The studies, led by Benjamin Bleier, MD, Director of Endoscopic Skull Base Surgery, could help scientists bypass the most formidable obstacle to effective treatments for Alzheimer’s disease, Parkinson’s disease, and other conditions that add up to six percent of the global health burden.
That obstacle, the blood-brain barrier, is an anatomical paradox: the body’s way of protecting the brain from toxins in the environment. It also prevents 98 percent of therapeutics for brain-based conditions from reaching their target. Dr. Bleier realized that the technique used to reach the brain in endoscopic skull-base surgery—creating a hole between the nose and the brain, then reconstructing the area using nasal lining—could effectively be used as a method to deliver drugs directly to the brain. Nasal lining tissue is 1,000 times more permeable to drugs than the blood-brain barrier, and the parts of the brain involved in neurodegenerative disease are accessible directly beyond the opening surgeons typically create.

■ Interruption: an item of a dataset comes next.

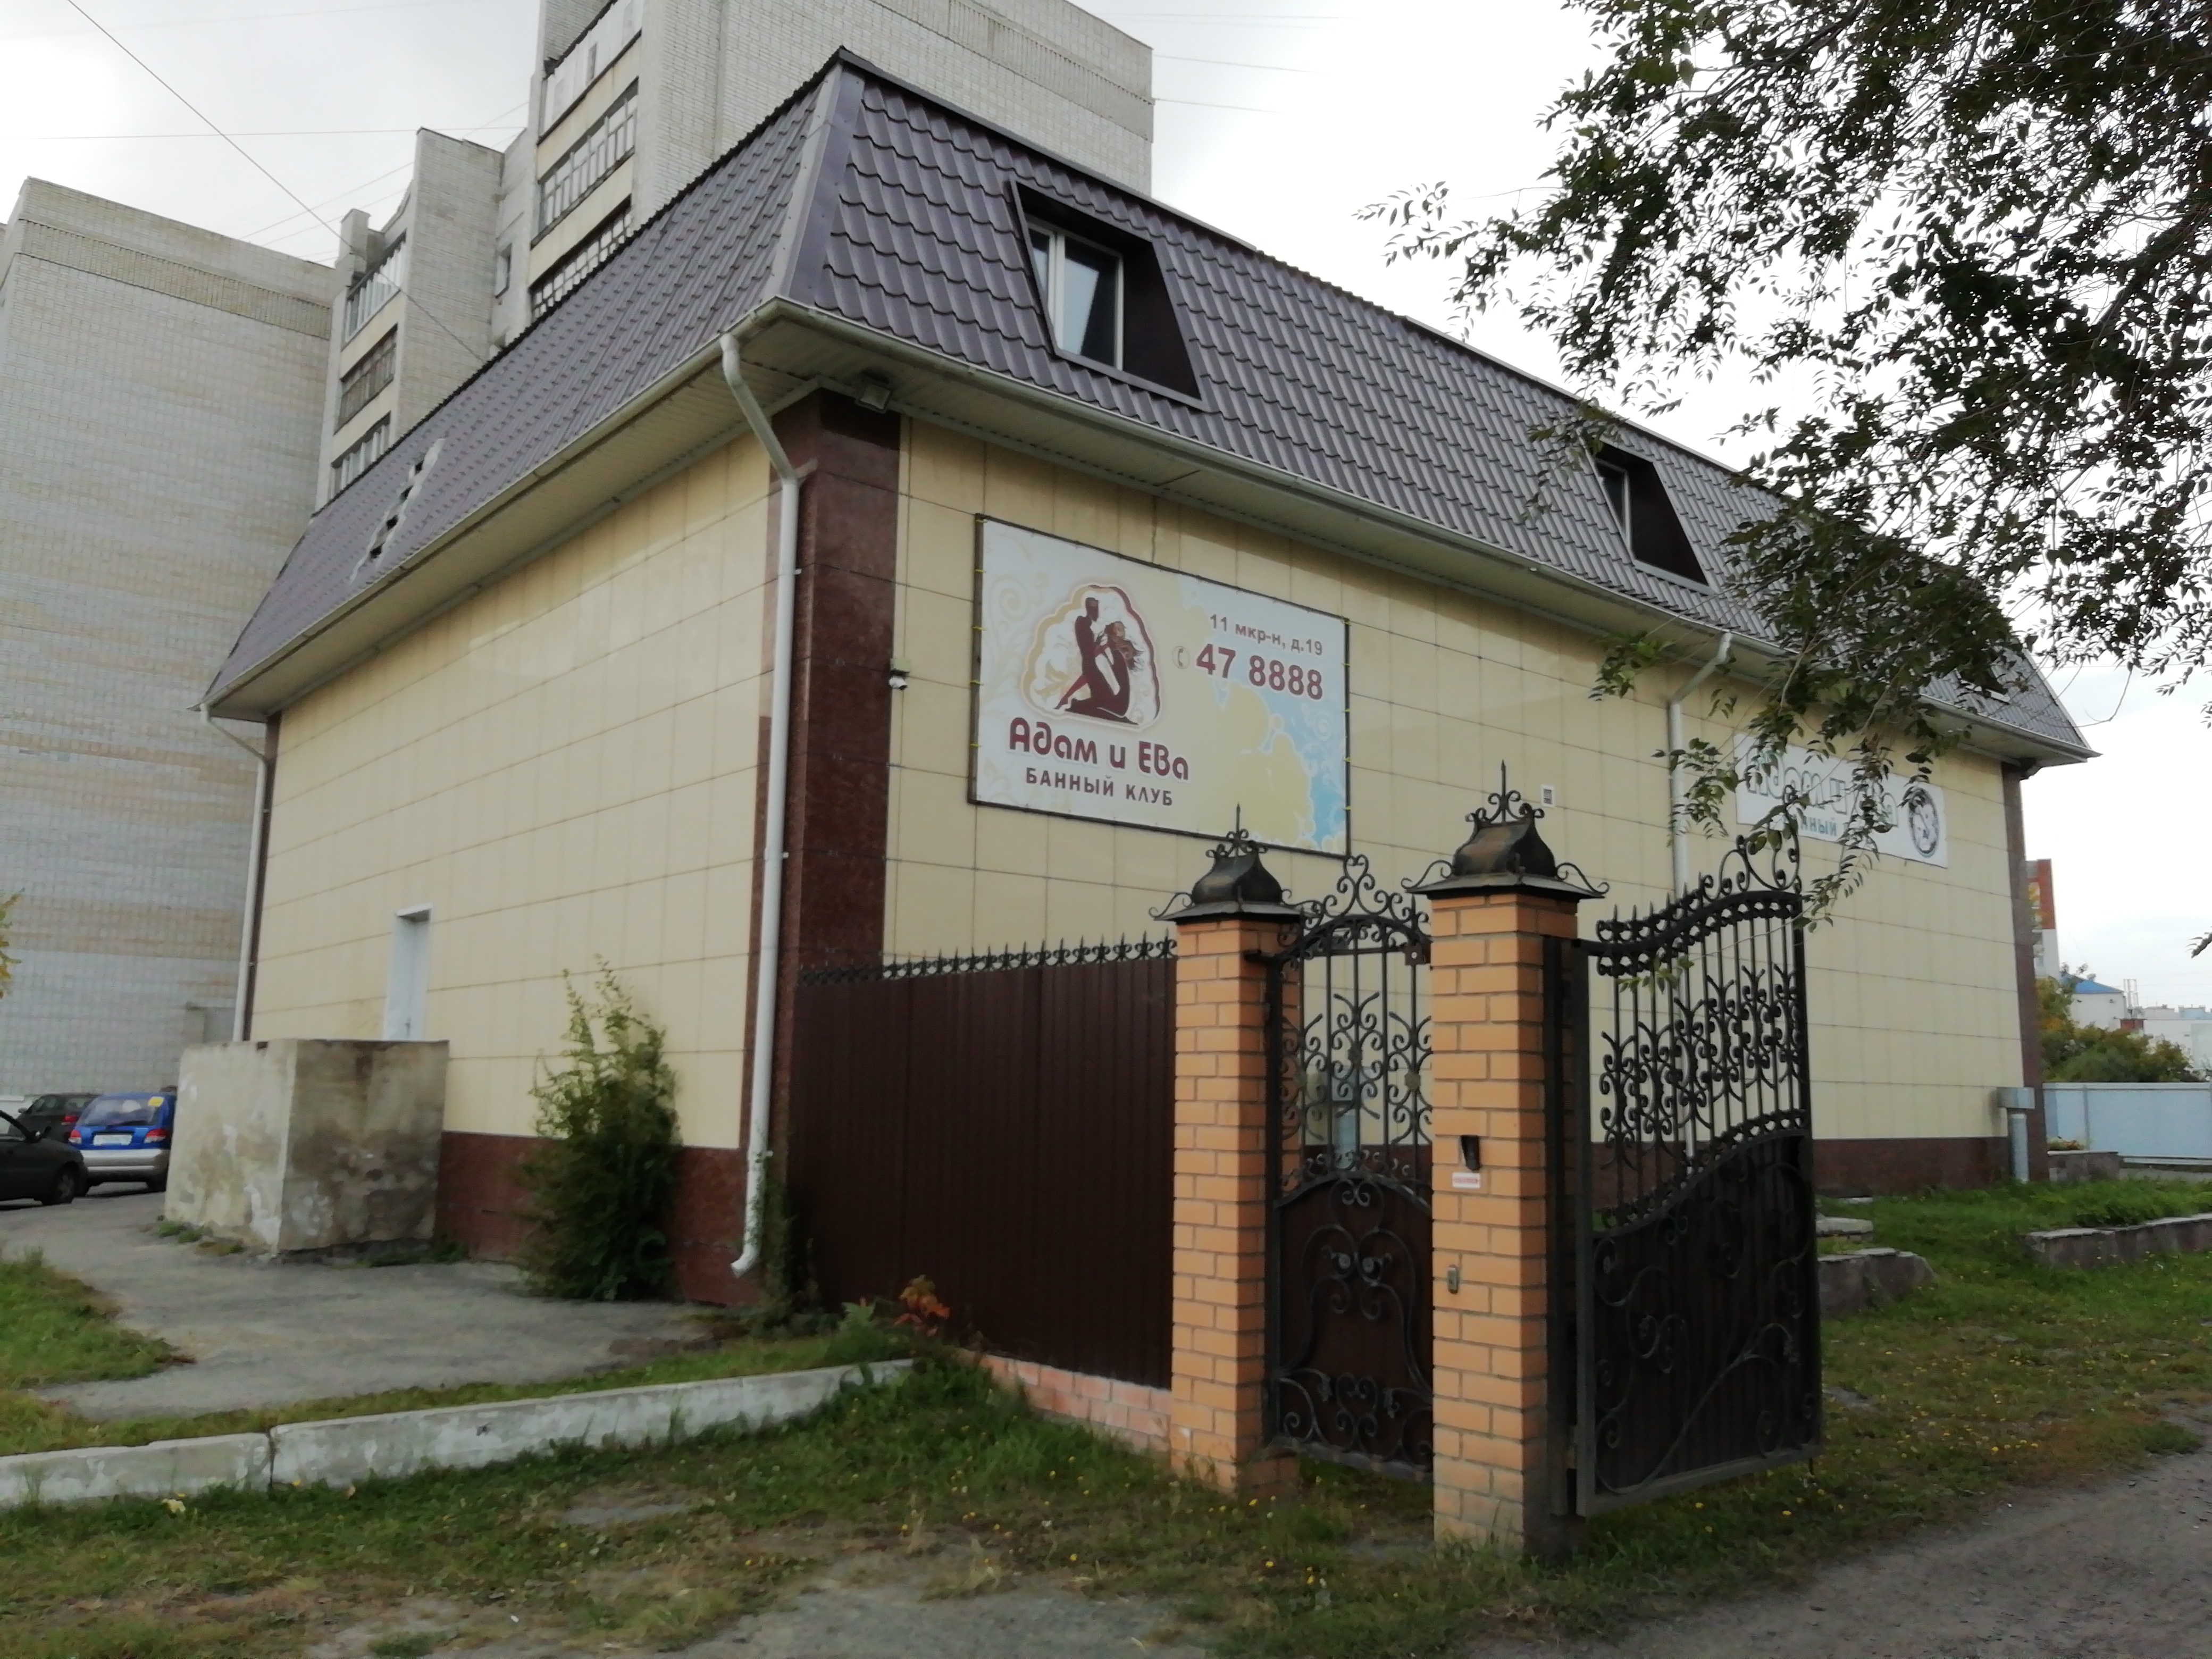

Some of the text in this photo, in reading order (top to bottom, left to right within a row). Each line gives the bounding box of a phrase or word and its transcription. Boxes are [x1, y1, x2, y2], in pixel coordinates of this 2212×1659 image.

“When it comes to the nose, we like to say, ‘Location, location, location,’” noted Dr. Bleier. “The nasal cavity offers us incredible opportunities to study new drug delivery methods since it’s the only place where the central nervous system has direct access to the outside world.”
Several studies have emerged from the method, including mouse and rat models demonstrating the passage of large molecules a thousand times larger than typical drug molecules directly into the brain. One trial demonstrated that a neurotrophic factor, GDNF, preserved healthy brain cells in mice—effectively preventing the development of Parkinson’s disease. The trial garnered attention from media as well as the NIH, which just awarded Dr. Bleier’s team with a $2.5 million grant for further study.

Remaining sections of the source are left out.